According to the Urban Dictionary, a ‘wallflower person’ is the one who hides at parties and tends to be reserved when surrounded by many people. This type of personality can come across as socially awkward. Simply, they prefer to spend time with a few, selected, people and never try to get too much attention.

The Oxford Dictionary, rather than saying ‘they hate parties,’ defines an introvert as someone generally more concerned with intimate thoughts and feelings than external things. In the 20s, psychologist Carl Jung introduced the terms introversion and extroversion to identify two different types of personality. After that, this distinction became the core of theories on personality types like the Myers-Briggs Type Indicator (MBTI). Most of these theories recognize a certain degree of both opposites in each of us. However, people often act based on one of these two types of personality.

Introverts tend to be more quiet and reserved, using introspection as a lens to understand the world. Unlike extroverts, they feel drained after long and intense social interaction and need some alone time to recharge. 

Common traits of introverts are:

  • Independence
  • Self-awareness
  • Quietness 
  • Rising energy when dealing with ideas
  • Solitary activities
  • Smaller social circle
  • Observe situations clearly and objectively.

What Makes Introverts So Great In The Remote Workplace?

Unlike extroverts, the beauty of a wallflower personality is their need to analyze and ponder what is being said. As a result, if you get an answer from them, it is generally well thought out and an excellent contribution to the conversation. That’s the first benefit of introverts in the workplace.

As Forbes states: “Introverts have a wealth of natural strengths — they assess situations before acting, they listen to the ideas of others, and they are skilled at taking independent action.”

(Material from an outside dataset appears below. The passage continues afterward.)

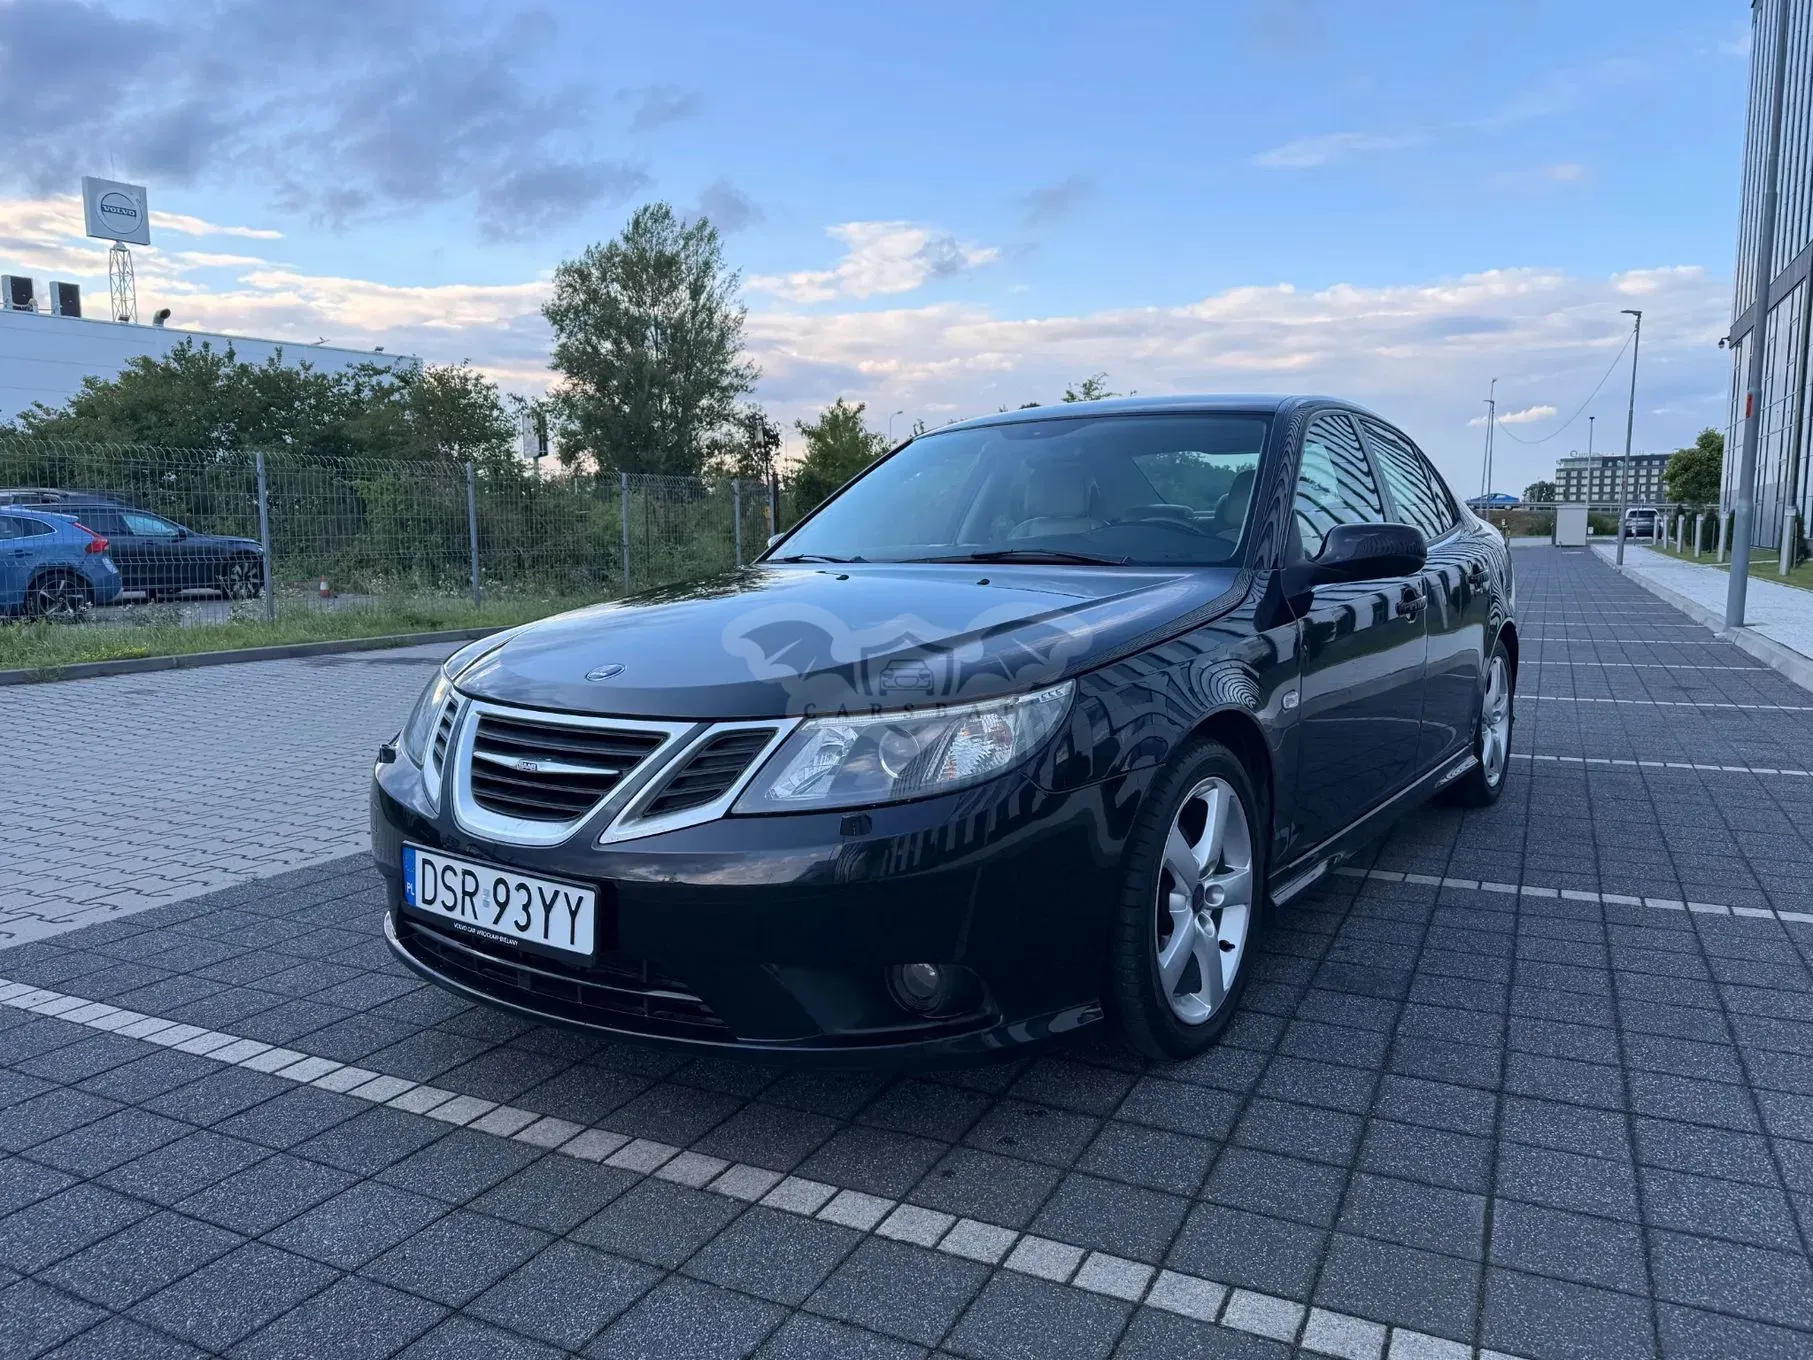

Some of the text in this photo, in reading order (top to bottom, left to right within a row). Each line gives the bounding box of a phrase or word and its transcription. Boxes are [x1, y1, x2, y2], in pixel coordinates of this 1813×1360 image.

In remote teams, introverted personalities are usually the best ones in planning schedules and tasks. As attentive observers of others, they quickly understand how to pair team members and distribute tasks according to anyone’s skill-set. Introverts usually like to prepare things ahead and leave enough time for unplanned scenarios. So, you can benefit from their talent to organize your teamwork. And leave extroverts dealing with everything that relates to socialization or meeting many people at once. 

Finally, introverts might don’t speak a lot. But it doesn’t mean they don’t think or carefully observe what is happening around them. For this reason, introverts in the workplace are great at keeping track of meetings and expectations or reporting different stages of a project. For example, if you need to present a yearly report to clients, an introvert will do the most accurate research preparing detailed slides to illustrate the project. On the other hand, an extrovert can give justice to such deep research by engaging the audience and pointing out relevant data. 

You can use both personalities to achieve the best performance for your company. Being a team player is essential for both types of characters. And if you make them work together, they will both contribute to your project. So, engage in teamwork and casual conversation. However, in the case of introverts, remember that significant social interactions will be more natural with some notice!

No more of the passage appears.